Trentinara, opere edilizie abusive: scatta l’ordine di demolizione
Il Comune di Trentinara ha disposto la rimozione di una serie di opere edilizie realizzate senza i necessari titoli autorizzativi all’interno di un immobile situato in via Torri. Il provvedimento è stato adottato dall’amministrazione comunale guidata dal sindaco Rosario Carione, al termine di verifiche tecniche avviate anche a seguito di una segnalazione da parte dei carabinieri.
Gli accertamenti risalgono al 3 dicembre 2025 e sono stati condotti dal Responsabile dell’Ufficio Tecnico comunale con il supporto dei militari della stazione di Capaccio. Durante il sopralluogo è emersa l’esecuzione di lavori edilizi non autorizzati, effettuati nonostante fosse in vigore un provvedimento di sospensione dei permessi. Le irregolarità hanno interessato locali al piano terra adibiti ad autorimessa.
Nel corso dei controlli è stata rilevata la realizzazione di due nuovi accessi e di una finestra, successivamente mascherati sul prospetto esterno, oltre alla posa di cavidotti e tubazioni per impianti elettrici, idrici e di scarico. È stata inoltre individuata una struttura metallica interna, installata per la creazione di nuovi spazi all’interno dell’immobile.

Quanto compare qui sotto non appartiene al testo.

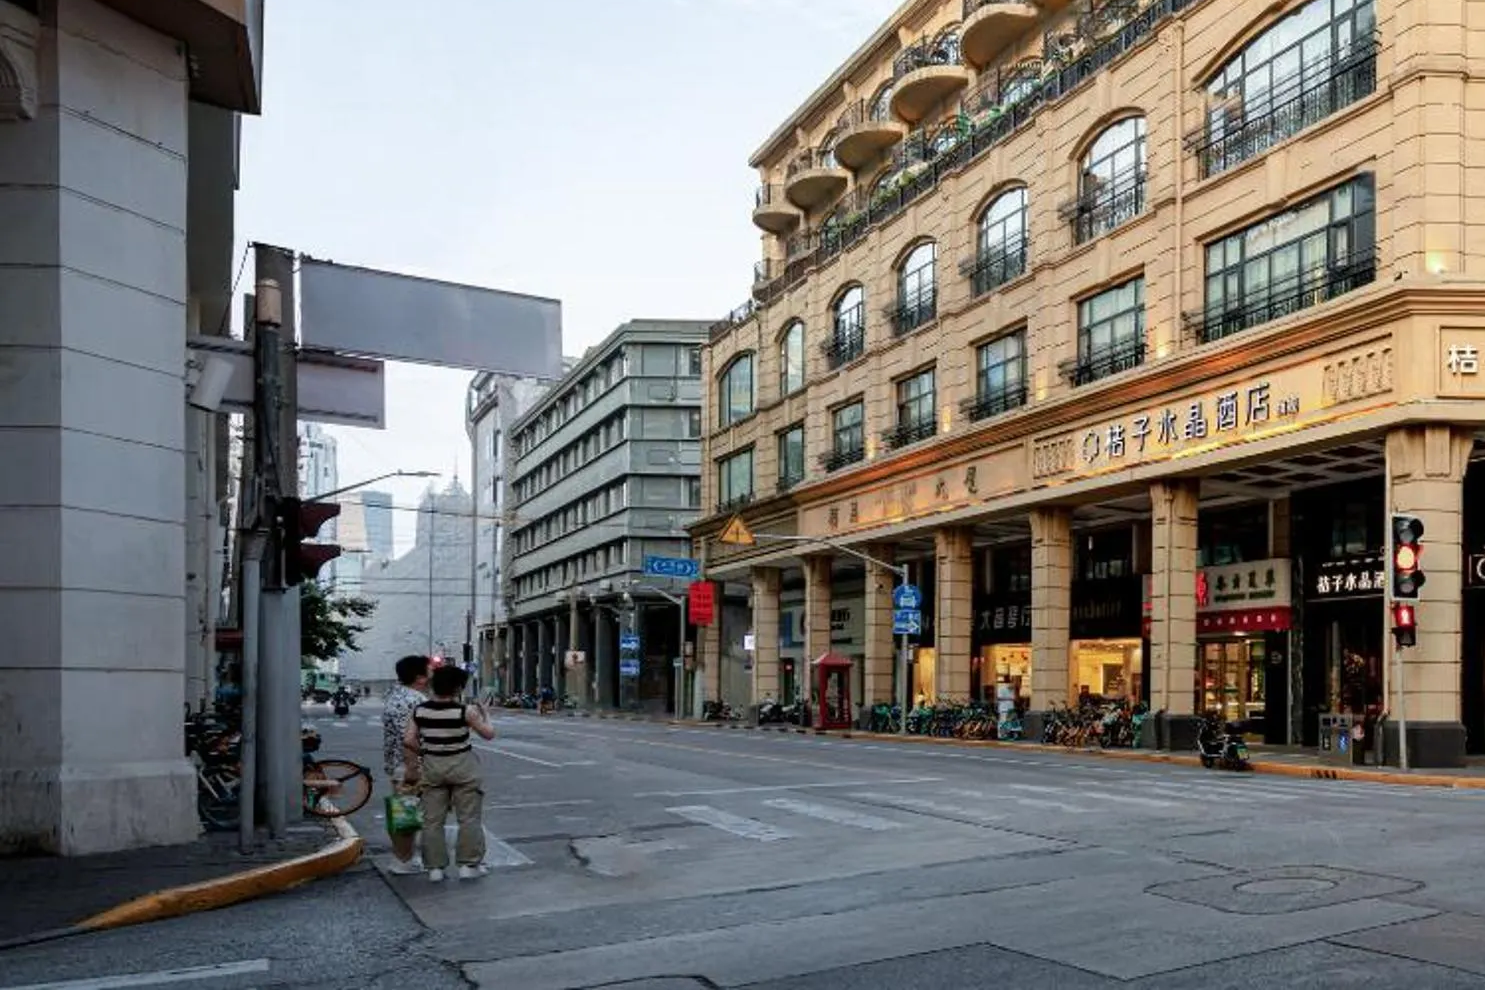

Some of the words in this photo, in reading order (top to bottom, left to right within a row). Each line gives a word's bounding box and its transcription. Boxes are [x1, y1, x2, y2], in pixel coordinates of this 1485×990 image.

[1106, 381, 1271, 458] 桔子水晶酒店

Alla luce delle violazioni riscontrate, il Comune ha intimato al proprietario di procedere alla demolizione delle opere abusive e al ripristino dello stato originario dei luoghi entro 90 giorni dalla notifica dell’ordinanza, con spese interamente a proprio carico. Il provvedimento impone anche la comunicazione preventiva all’Ufficio Tecnico delle modalità e dei tempi degli interventi, accompagnata da una relazione tecnica.
Qualora non venga rispettato quanto disposto, è prevista l’acquisizione gratuita dell’immobile al patrimonio comunale, la demolizione eseguita d’ufficio e l’applicazione di sanzioni amministrative fino a 20 mila euro, fatte salve eventuali responsabilità di natura penale. L’ordinanza, firmata dall’architetto Massimo Rubano, è stata trasmessa alla Procura della Repubblica di Salerno, alla Regione Campania e alle forze dell’ordine competenti.